With Gestational Diabetes, there is a definite ending point.  I knew that as soon as Noah was born, my bout with Diabetes would be over.  In my mind, I would only have to put up with one season of holidays where I couldn't fully indulge in many goodies and second (or third) trips to the food area at Thanksgiving and Christmas.  I never imagined that this adjustment of food choices and calculation of carbs, and blood sugar checks would now be a permanent part of my life due to Michael's diagnosis.  There is no ending date for him.  Not here on earth, anyway.  I know that one day, Jesus will return and all who believe in Him and follow Him, will join Him in Heaven and we'll be healed!  No more brokenness.  No more pain.  No more pancreases that quit making insulin.  I pray that my children seek Jesus early in life and never look back.  I long for this.  I long for healing for a broken little boy who doesn't understand why his fingers get pricked and his arms and legs are poked with injections multiple times a day.

From the heart of a baker of a mom, Diabetes stings.  It seeps and grows and it can take over every single aspect of your life--whether you are the one who has this disease or not.  We are actively working in our home to have this not be the case.  I read all the time about people who say "you can live a normal life with Type I Diabetes" or "if you have Type I Diabetes you can do whatever anyone else can."  I am working to make this true for Michael.

Therefore, this fall, when other two year olds are pitter-pattering around their local fall festivals, we're going to be right there with them.  Michael will be dressed in an adorably cute costume (I haven't decided what that will be exactly-- read: the fall consignment sale where I'll buy his costume hasn't rolled into town yet), and he'll be carrying a candy bucket.  At the end of the evening, the plan is for him to "trade" his bucket of candy for a new toy or perhaps a bucket of small toys.  I got this idea from my Nana, who is the mother of my Aunt with Type I.

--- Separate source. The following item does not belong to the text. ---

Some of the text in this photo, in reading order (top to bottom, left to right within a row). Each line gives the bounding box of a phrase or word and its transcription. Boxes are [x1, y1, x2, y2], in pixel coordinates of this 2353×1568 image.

And on other crisp fall days, we'll be out on our screened-in patio (if the construction crew EVER arrives and screens it in) tracing leaves onto paper and making leaf-impressions by coloring on paper overlaying them.  Perhaps inside there will be a nice autumnal candle flickering for us and offering a light scent of fall treats and spices (enjoyment of fall without the carbs, I say).  Or maybe we'll wash our hands with apple-scented soap from Bath and Body Works.  We're going to enjoy this fall, Diabetes-- you hear?

I plan to structure holidays around crafts rather than around treats.  My Pinterest board for all the yummy snacks I planned to make with my children will be overtaken by cute craft ideas that are seasonably appropriate.  We will make this work.  We will find peace with our lives.  Diabetes will not destroy us.  I'm writing this more to remind myself than anything.  My son will live a normal life.

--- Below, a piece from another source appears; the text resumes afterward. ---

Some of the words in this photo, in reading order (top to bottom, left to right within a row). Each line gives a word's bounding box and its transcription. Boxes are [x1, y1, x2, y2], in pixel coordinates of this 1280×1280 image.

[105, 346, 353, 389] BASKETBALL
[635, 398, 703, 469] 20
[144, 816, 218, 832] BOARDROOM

So it'll take adjusting here and there.  Fortunately, Michael is not in school.  We can skip worrying about school holiday parties for now.   Fortunately, Noah isn't old enough to trick-or-treat, so we'll skip worrying about how we'll handle his consumption of candy until when we cross that bridge a few years from now.  (Although I do believe that when Noah is of age, I'll have him trade in his bucket of candy as well, because, in all seriousness, who needs to eat a bucket-full of candy?)

I'm going to do the best gosh darn job I can do as a mom to make life enjoyable for my children.  So Michael may not be able to have a "who can eat this tube of cookie dough the fastest" race with Noah when they're age 8 and 6, but who decided that was enjoyable anyways?  :)  I pray that my sons find peace and solace in their home, that they always feel rested and refuged here.  Treats disappear fast  anyway, but a paper showcasing a crayon leaf tracing lasts way longer.  :) 

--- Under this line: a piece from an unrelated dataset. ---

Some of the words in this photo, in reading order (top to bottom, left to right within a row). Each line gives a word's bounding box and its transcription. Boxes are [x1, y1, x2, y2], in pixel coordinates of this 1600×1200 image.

(Stay tuned for a post about "How We're Going to Do:  Christmas!")

Friday, September 19, 2014

Diabetes Mellitus Type I: An Inside Look at the Heart of a Mom (Part 1 of....)

I've tried writing down my feeling from how I felt the day that Michael was diagnosed with Type I Diabetes, and the days following.  Here's some of my thoughts.  I don't know how many different posts this will come in.  My mind is full and constantly racing as I think about our future and this disease. 

It’s not anything that I ever thought would happen to my child.  It wasn’t even on my radar.  I was just to the point of thinking there might be a problem and that something might not be right when he was continually wetting the bed and soaking his diapers mid-day, and drinking cups and cups and cups of water.   But it was August in Alabama.  And he was almost two.  And he was tall enough now to reach the water dispenser on the fridge and liked to “help” get water for his cup.  So, when I added those things together, I thought he might be getting hotter since he was playing outside in the heat, and if you’re hot then you need more water.  So I thought he was just thirstier due to the heat outside.  And I thought he was showing off his new skill of filling his cup with water.  And I thought the mood swings and behavior changes were due to the fact that his second birthday was coming up, and don’t they call it “the terrible twos” for a reason?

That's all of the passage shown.